A balanced DW power at 1326/1314 nm in the σ-polarized direction was achieved with a total power output of 5.21 W at the maximum pumping by adjusting the BF₂. The output–input characteristic of the DW is displayed in Figure 11. The corresponding total slope/optical efficiency was 33.6/26.1%. The M² factor of the DW laser was <1.15. The power stability of the DW was <2.2% in 1 h. When the tuning angle of the BF₁ was at α = 24° and the BF₂ was adjusted, a balanced DW at 1314/1370 nm in the σ-direction was also achieved with a total power of 1.01 W, as also displayed in Figure 11. The corresponding total slope/optical efficiency was 13.2/5.1%. The M² factor of the DW laser was <1.20. The power stability of the DW was <3.6% in 1 h.
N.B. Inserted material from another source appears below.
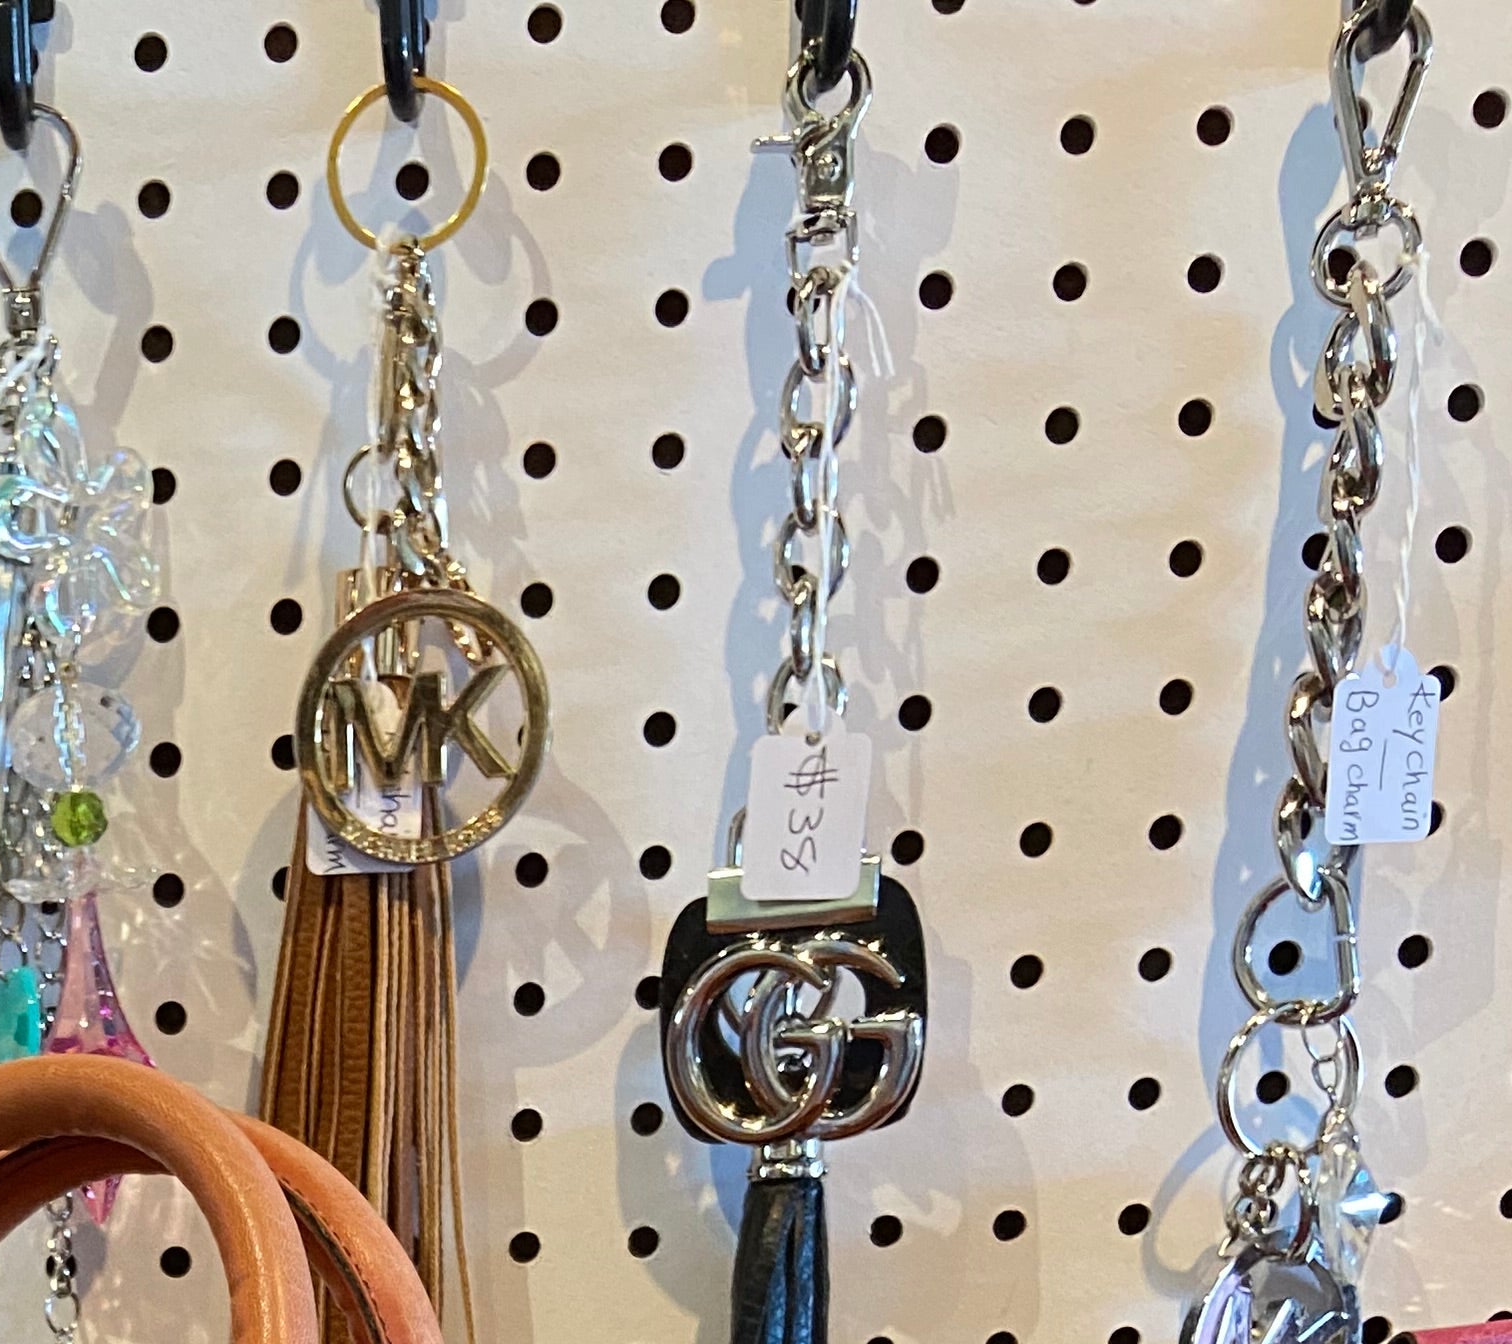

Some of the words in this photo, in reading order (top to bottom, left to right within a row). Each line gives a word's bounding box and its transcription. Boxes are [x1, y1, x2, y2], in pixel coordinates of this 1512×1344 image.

[325, 663, 518, 792] MK
[1339, 690, 1380, 753] Bag
[1392, 682, 1436, 832] Keychain
[1340, 764, 1368, 841] charm
The direction of the BF₁ and BF₂ was adjusted so that the direction of the incident plane of the light was rotated by 90 degrees, as displayed in Figure 2e. The three-pair of the balanced DW at 1314/1321, 1364/1371, and 1321/1364 nm were also generated, respectively. The output–input characteristics of the DWs are also displayed in Figure 11. The total power was 6.42 (1321/1314 nm), 2.61 (1371/1364 nm), and 0.62 W (1364/1321 nm), respectively. The M² factors of the DW lasers were <1.32. The power stabilities of the DW lasers were all <4.0% in 1 h.

4. Conclusions

A LD-pumped CW tunable Nd:YLF laser operating on the ⁴F_3/2→⁴I_13/2 transition was demonstrated. Four π-polarized SW lasing at 1321, 1314, 1371, and 1364 nm and three σ-polarized SW lasing at 1314, 1326, and 1371 nm were achieved using a tuning prism. At 20 W pump power, the σ-polarized 1314 nm emission generated 7.3 W maximum power output with 39.4% slope efficiency. Further, the three-pair of switchable π-polarized DWs at 1321/1314 nm, 1371/1364 nm, and 1321/1364 nm and the two-pair of switchable σ-polarized DWs at 1314/1326 nm and 1314/1371 nm were also realized by rotating an intracavity BF. In addition, by employing dual intracavity BFs, the balanced DW output power was attained, achieving 6.4 W total maximum output at 1314/1321 nm in the π-polarized direction. We believe that the method presented in this paper has the potential to be extended to other laser crystals for obtaining tunable SW and DW lasers.